-- Material for the task --
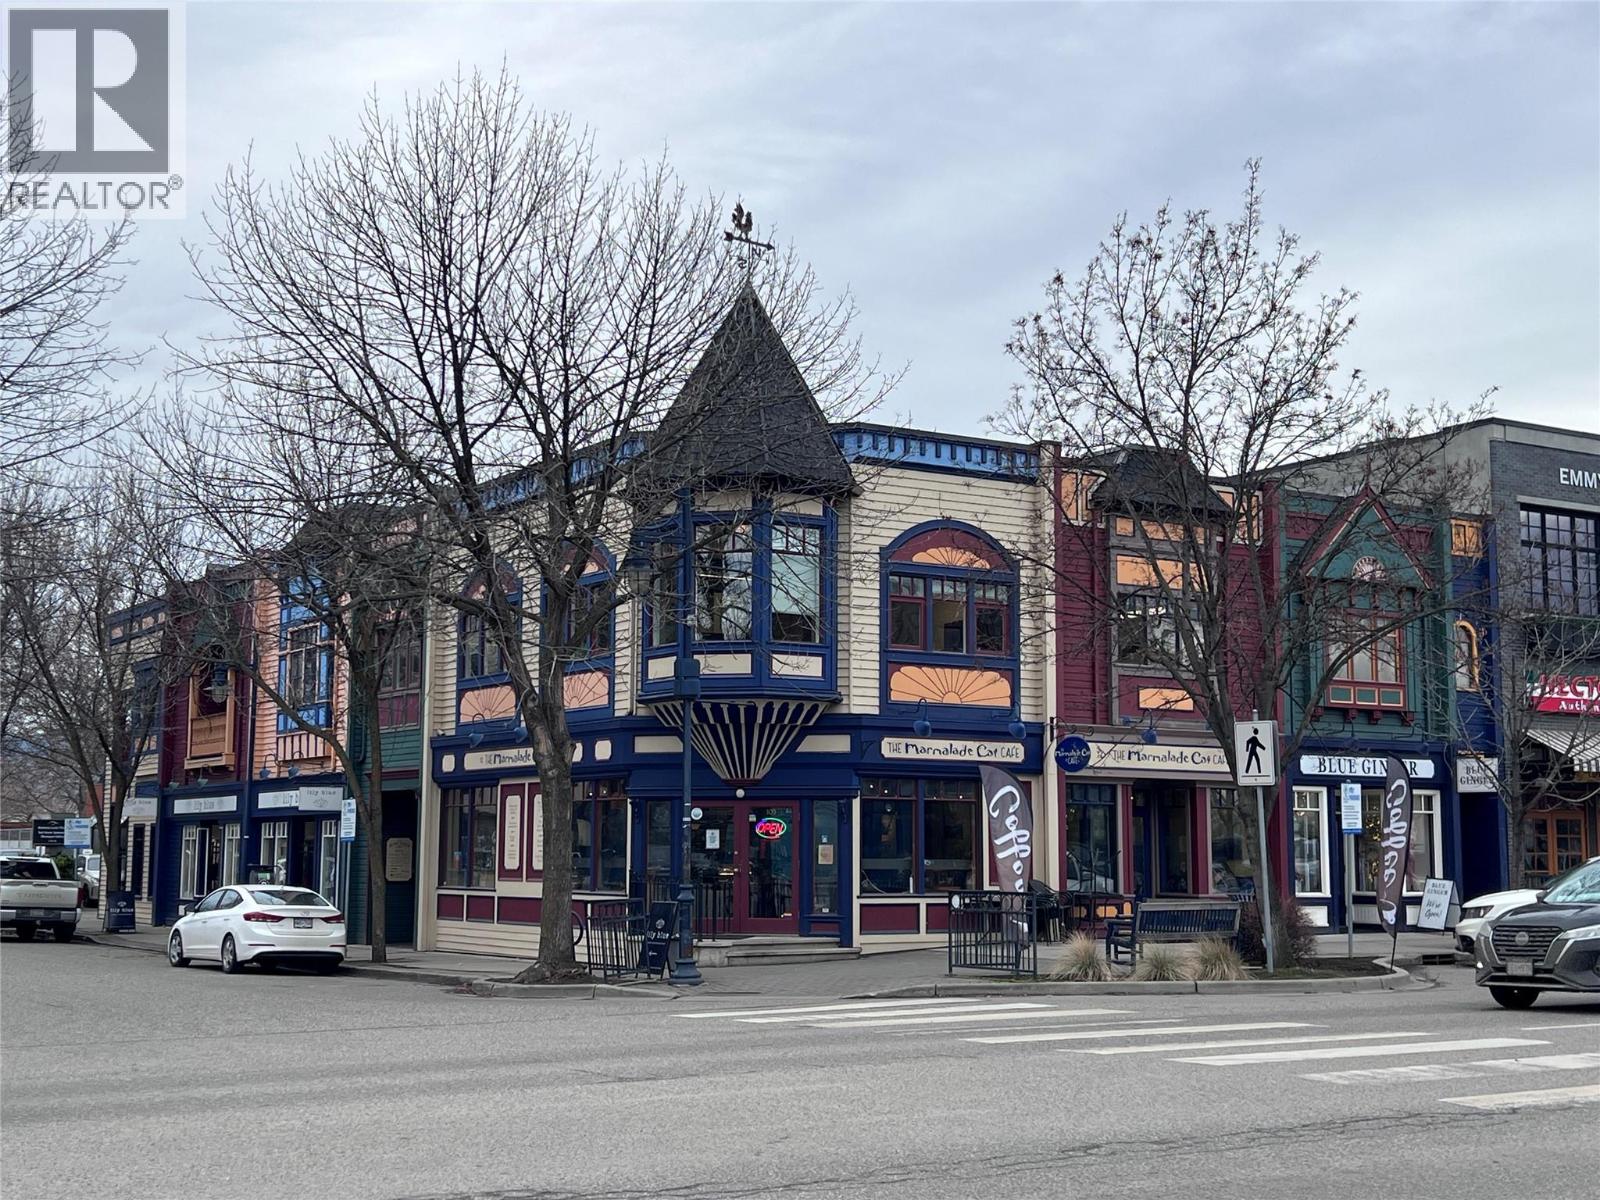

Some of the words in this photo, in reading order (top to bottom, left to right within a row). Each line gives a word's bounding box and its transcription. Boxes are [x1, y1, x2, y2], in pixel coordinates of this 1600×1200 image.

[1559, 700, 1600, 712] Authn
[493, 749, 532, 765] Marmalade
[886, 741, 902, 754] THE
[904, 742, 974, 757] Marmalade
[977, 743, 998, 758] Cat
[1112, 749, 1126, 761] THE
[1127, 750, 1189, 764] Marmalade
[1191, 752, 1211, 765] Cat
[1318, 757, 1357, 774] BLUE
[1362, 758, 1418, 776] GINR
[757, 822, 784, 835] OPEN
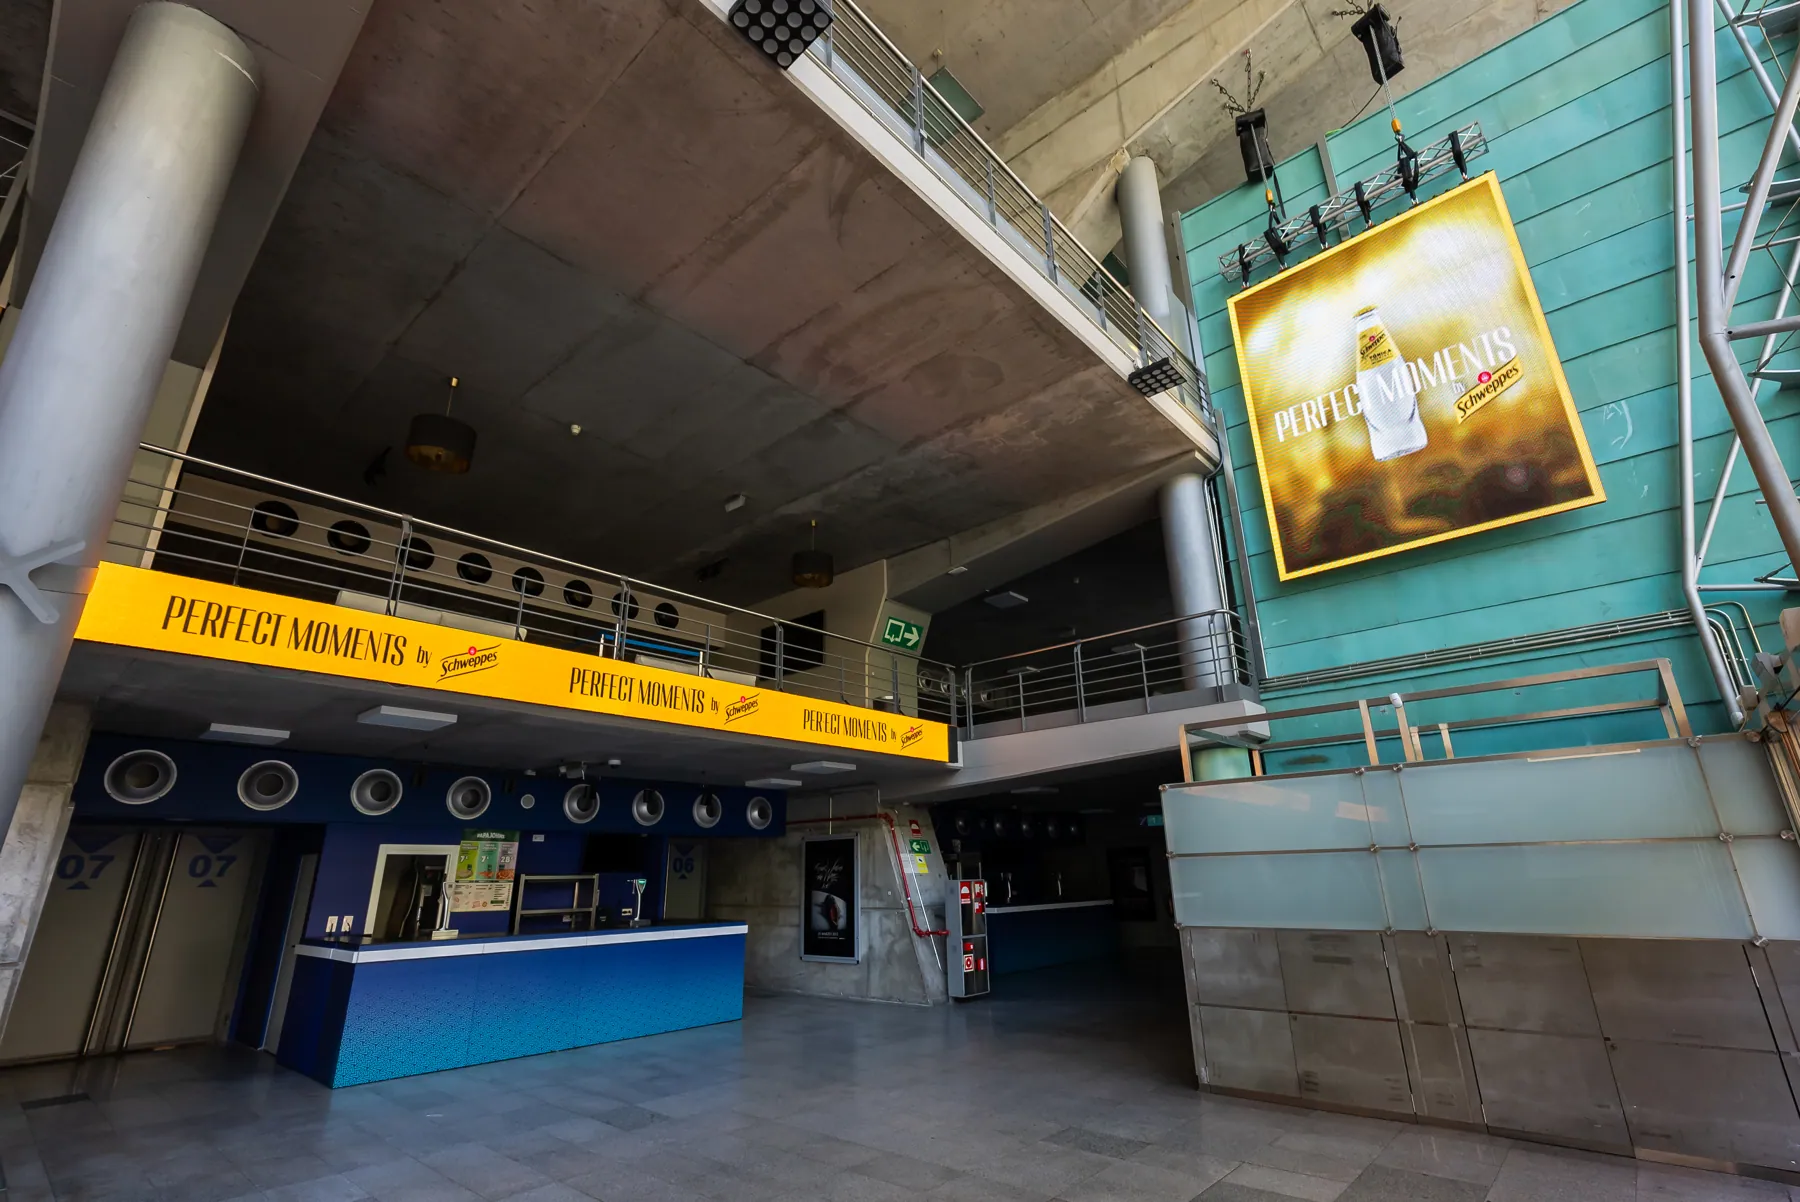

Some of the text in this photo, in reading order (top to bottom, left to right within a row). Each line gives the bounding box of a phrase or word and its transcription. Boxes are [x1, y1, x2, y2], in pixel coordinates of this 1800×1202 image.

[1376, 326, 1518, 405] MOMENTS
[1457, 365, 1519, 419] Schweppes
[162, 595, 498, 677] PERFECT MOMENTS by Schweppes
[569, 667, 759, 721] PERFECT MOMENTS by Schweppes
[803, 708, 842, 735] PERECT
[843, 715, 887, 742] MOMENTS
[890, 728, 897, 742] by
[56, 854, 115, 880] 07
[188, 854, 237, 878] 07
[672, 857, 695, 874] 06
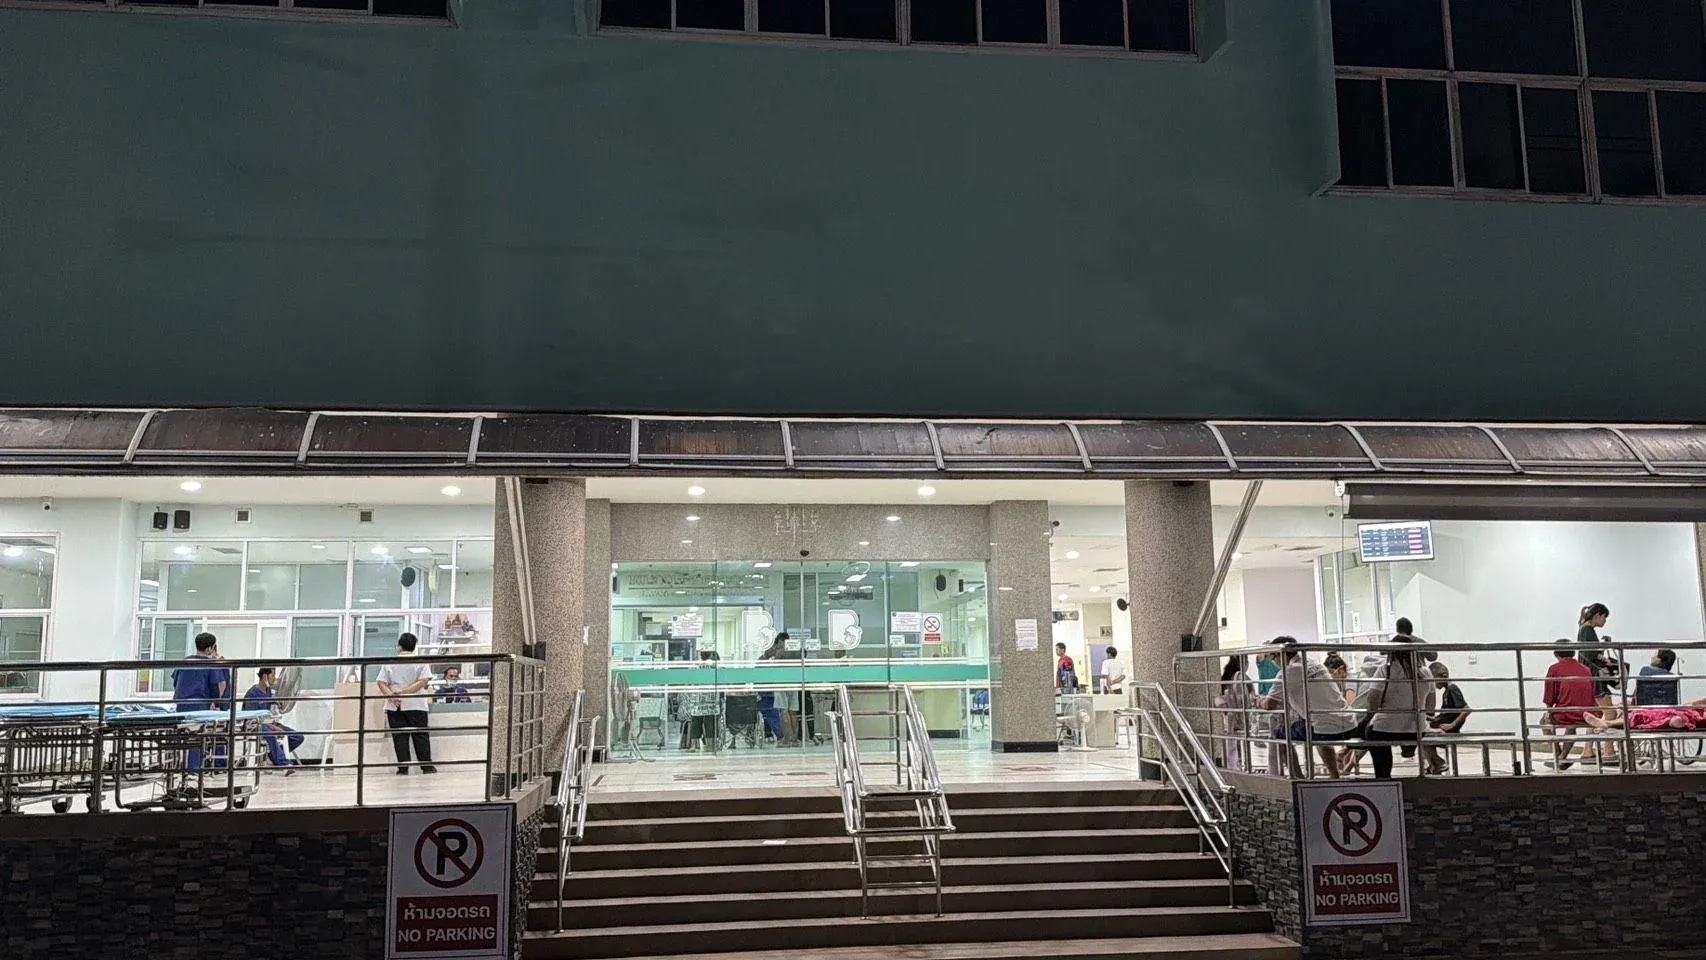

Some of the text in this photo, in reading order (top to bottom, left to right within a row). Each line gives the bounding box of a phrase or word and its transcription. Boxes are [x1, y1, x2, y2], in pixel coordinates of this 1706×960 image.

-- Try it --
Pictures in the records are to be left out; repeat everything else exactly.

-- Problem solution --
Some of the words in this photo, in reading order (top to bottom, left to right within a row). Each line gives a word's bounding box and its transcription. Boxes are [x1, y1, x2, y2], in pixel coordinates of this 1600×1200 image.

[1559, 700, 1600, 712] Authn
[493, 749, 532, 765] Marmalade
[886, 741, 902, 754] THE
[904, 742, 974, 757] Marmalade
[977, 743, 998, 758] Cat
[1112, 749, 1126, 761] THE
[1127, 750, 1189, 764] Marmalade
[1191, 752, 1211, 765] Cat
[1318, 757, 1357, 774] BLUE
[1362, 758, 1418, 776] GINR
[757, 822, 784, 835] OPEN

Some of the text in this photo, in reading order (top to bottom, left to right within a row). Each line gives the bounding box of a phrase or word and its transcription. Boxes are [x1, y1, x2, y2], in pixel coordinates of this 1800×1202 image.

[1376, 326, 1518, 405] MOMENTS
[1457, 365, 1519, 419] Schweppes
[162, 595, 498, 677] PERFECT MOMENTS by Schweppes
[569, 667, 759, 721] PERFECT MOMENTS by Schweppes
[803, 708, 842, 735] PERECT
[843, 715, 887, 742] MOMENTS
[890, 728, 897, 742] by
[56, 854, 115, 880] 07
[188, 854, 237, 878] 07
[672, 857, 695, 874] 06

Some of the text in this photo, in reading order (top to bottom, left to right within a row). Each line gives the bounding box of a phrase or word and its transcription. Boxes are [x1, y1, x2, y2], in pixel coordinates of this 1706×960 image.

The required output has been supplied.